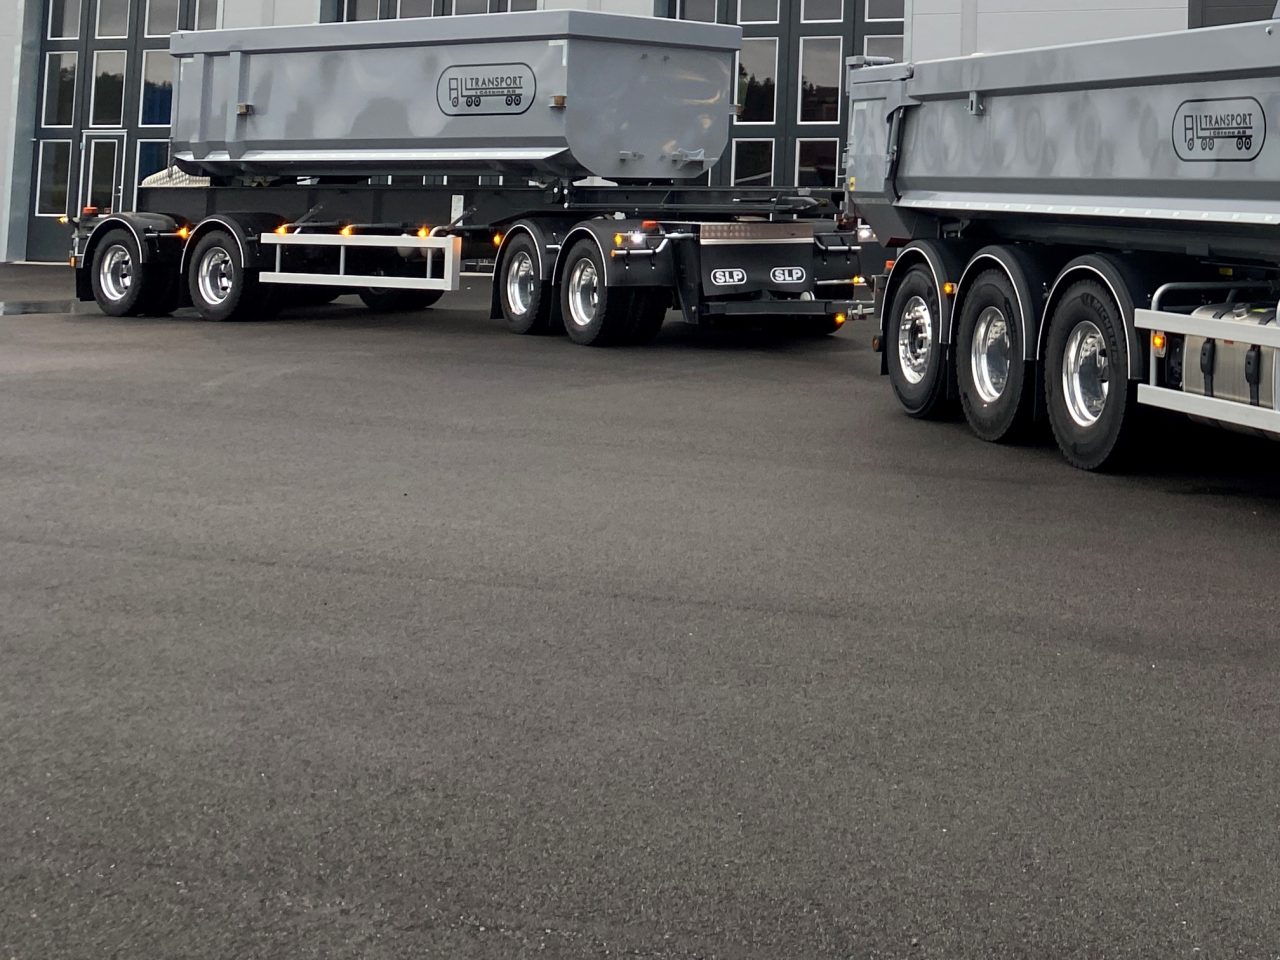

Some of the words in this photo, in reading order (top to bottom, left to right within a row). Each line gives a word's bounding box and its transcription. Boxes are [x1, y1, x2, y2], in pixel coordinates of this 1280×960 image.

[469, 76, 523, 88] TRANSPORT
[1204, 113, 1252, 126] TRANSPORT
[715, 271, 743, 283] SLP
[774, 269, 802, 281] SLP
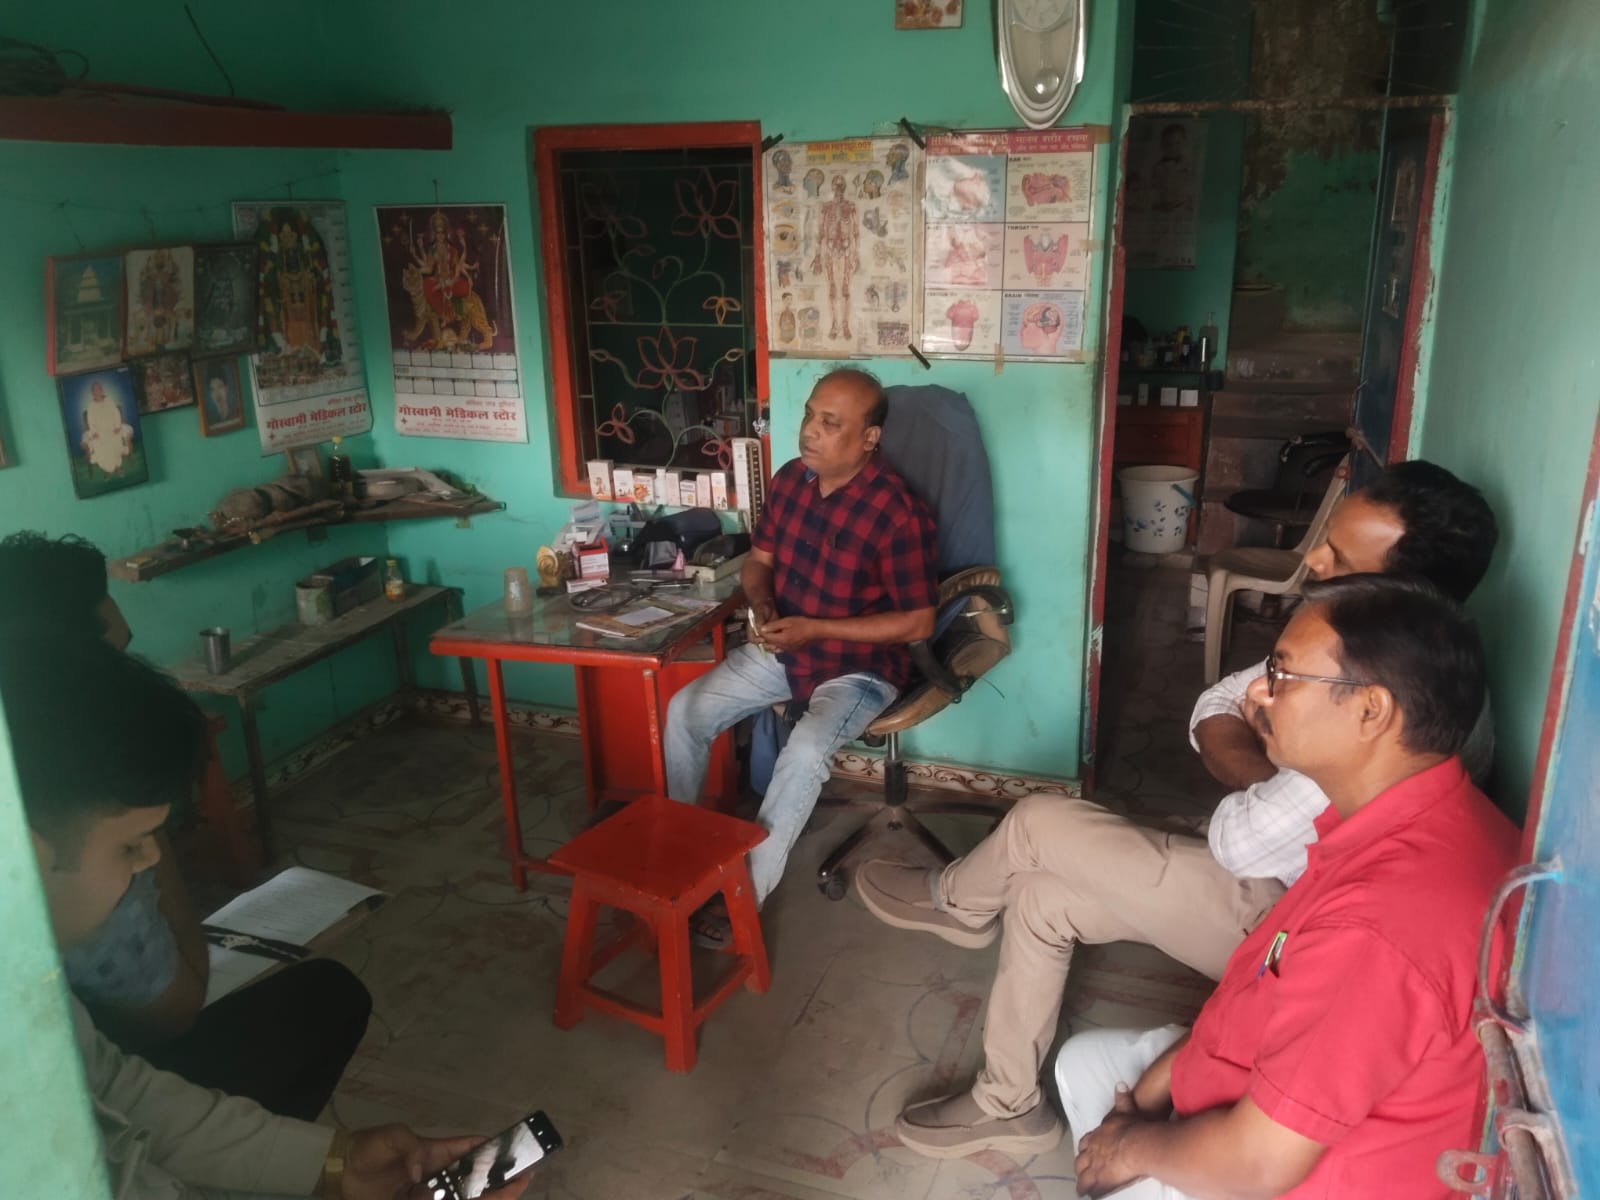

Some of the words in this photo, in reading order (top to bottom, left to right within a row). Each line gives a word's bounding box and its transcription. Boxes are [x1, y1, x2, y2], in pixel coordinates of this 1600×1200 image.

[266, 412, 307, 429] गोस्वामी
[310, 407, 346, 422] मेडिकल
[349, 402, 367, 415] स्टोर
[398, 404, 442, 417] गोस्वामी
[445, 406, 489, 420] मेडिकल
[493, 409, 517, 420] स्टोर
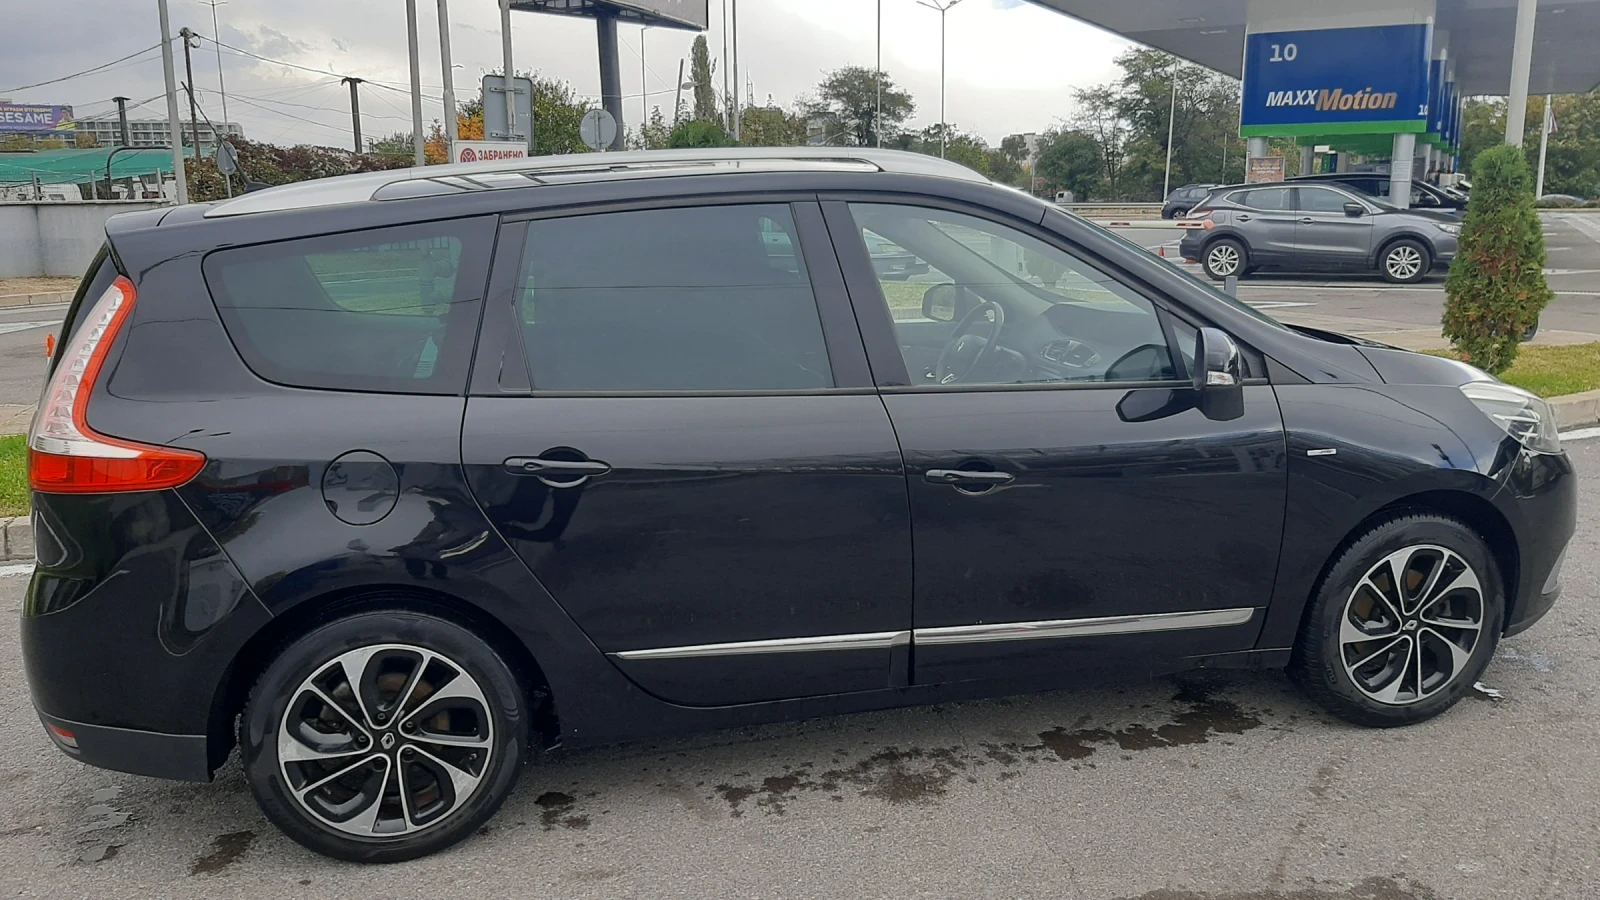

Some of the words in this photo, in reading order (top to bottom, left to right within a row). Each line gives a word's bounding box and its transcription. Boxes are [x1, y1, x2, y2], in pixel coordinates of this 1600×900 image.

[1269, 43, 1298, 62] 10
[0, 112, 54, 124] SESAME
[478, 149, 524, 161] ЗАБРАНЕНО
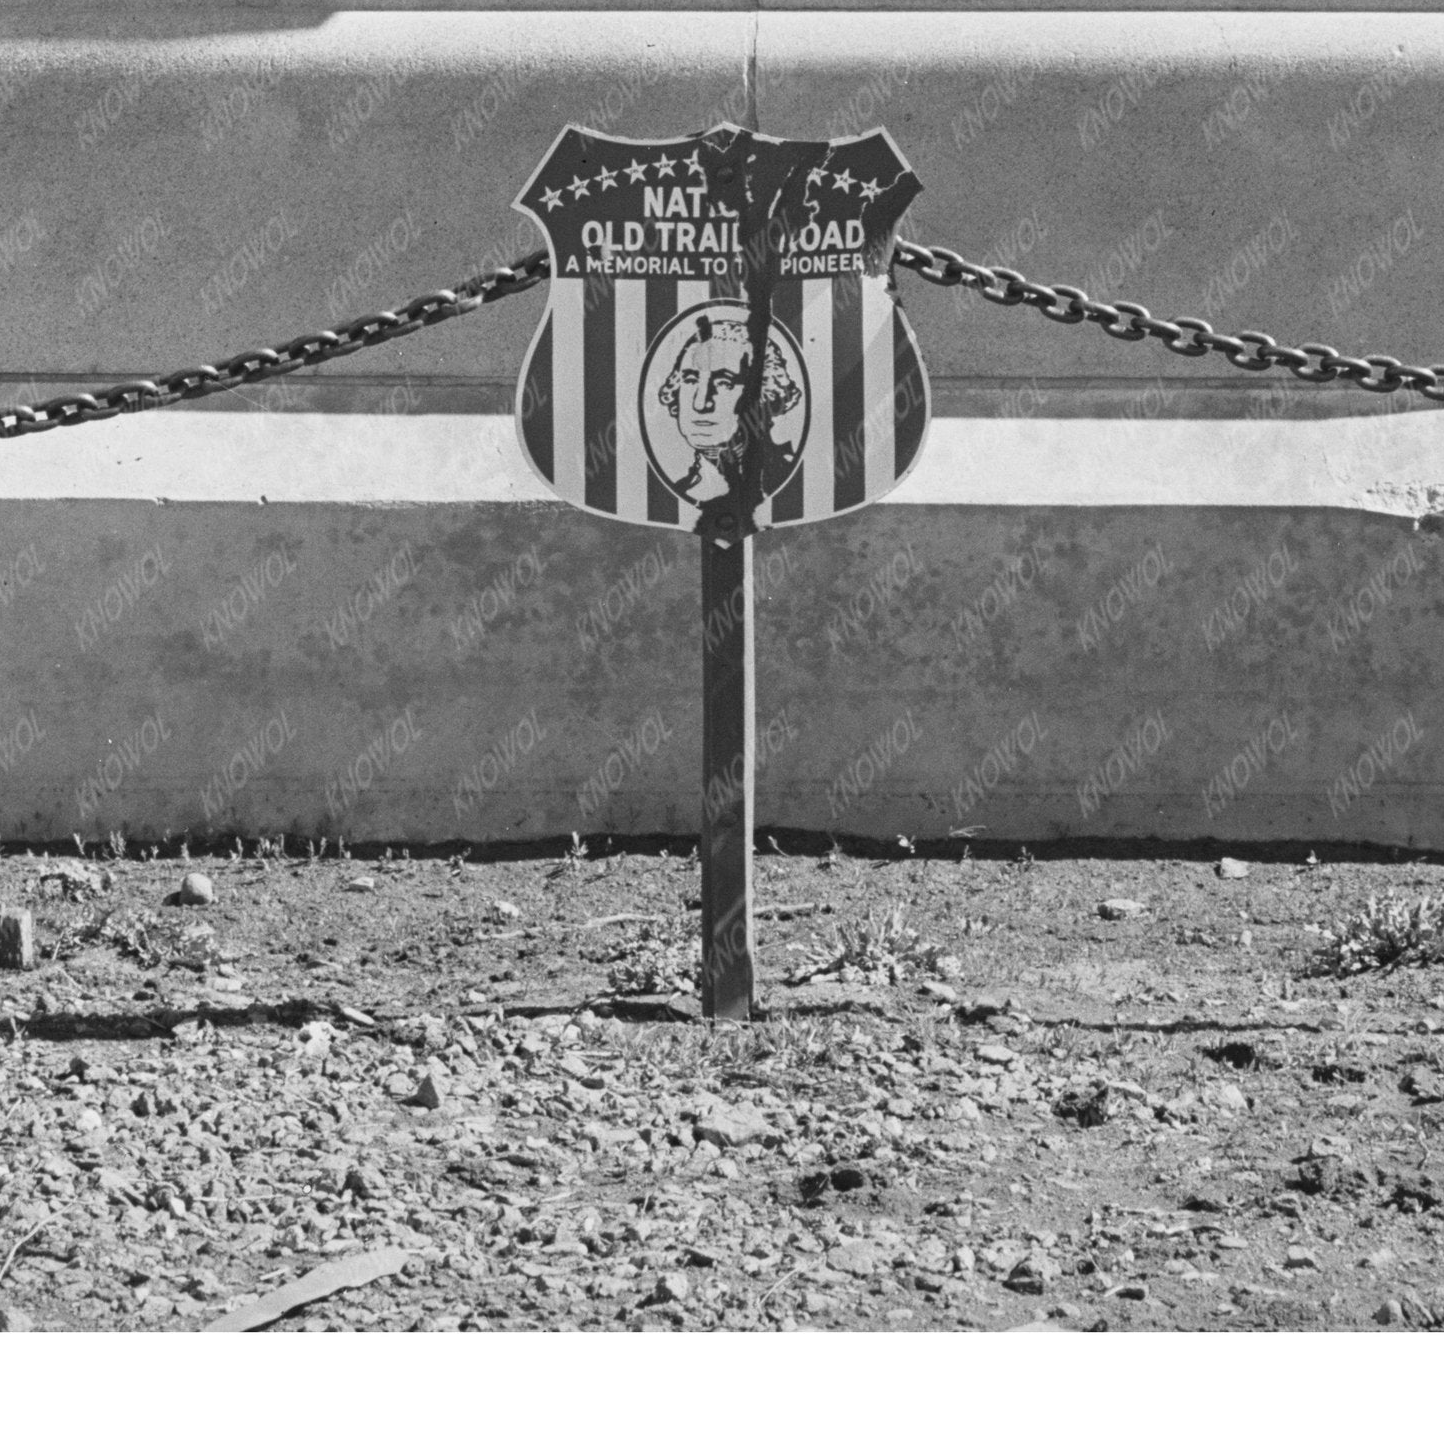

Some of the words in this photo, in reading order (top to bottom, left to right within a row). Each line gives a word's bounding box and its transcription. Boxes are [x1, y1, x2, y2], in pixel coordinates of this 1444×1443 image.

**About this exercise**
Omit every picture while copying the listing above exactly.

**Result of the exercise**
Some of the words in this photo, in reading order (top to bottom, left to right within a row). Each line gives a word's bounding box and its transcription. Boxes are [x1, y1, x2, y2], in pixel coordinates of this 1280×960 image.

[469, 76, 523, 88] TRANSPORT
[1204, 113, 1252, 126] TRANSPORT
[715, 271, 743, 283] SLP
[774, 269, 802, 281] SLP

Some of the words in this photo, in reading order (top to bottom, left to right within a row). Each line gives a word's bounding box and its transcription. Boxes are [x1, y1, x2, y2], in pixel coordinates of this 1600×1200 image.

[266, 412, 307, 429] गोस्वामी
[310, 407, 346, 422] मेडिकल
[349, 402, 367, 415] स्टोर
[398, 404, 442, 417] गोस्वामी
[445, 406, 489, 420] मेडिकल
[493, 409, 517, 420] स्टोर

Some of the words in this photo, in reading order (top to bottom, left to right within a row). Each line gives a word's bounding box and its transcription. Boxes are [x1, y1, x2, y2], in pixel coordinates of this 1600×900 image.

[1269, 43, 1298, 62] 10
[0, 112, 54, 124] SESAME
[478, 149, 524, 161] ЗАБРАНЕНО

Some of the words in this photo, in reading order (top to bottom, left to right within a row). Each line gives a word's bounding box and its transcription. Boxes are [x1, y1, x2, y2], in pixel coordinates of this 1444×1443 image.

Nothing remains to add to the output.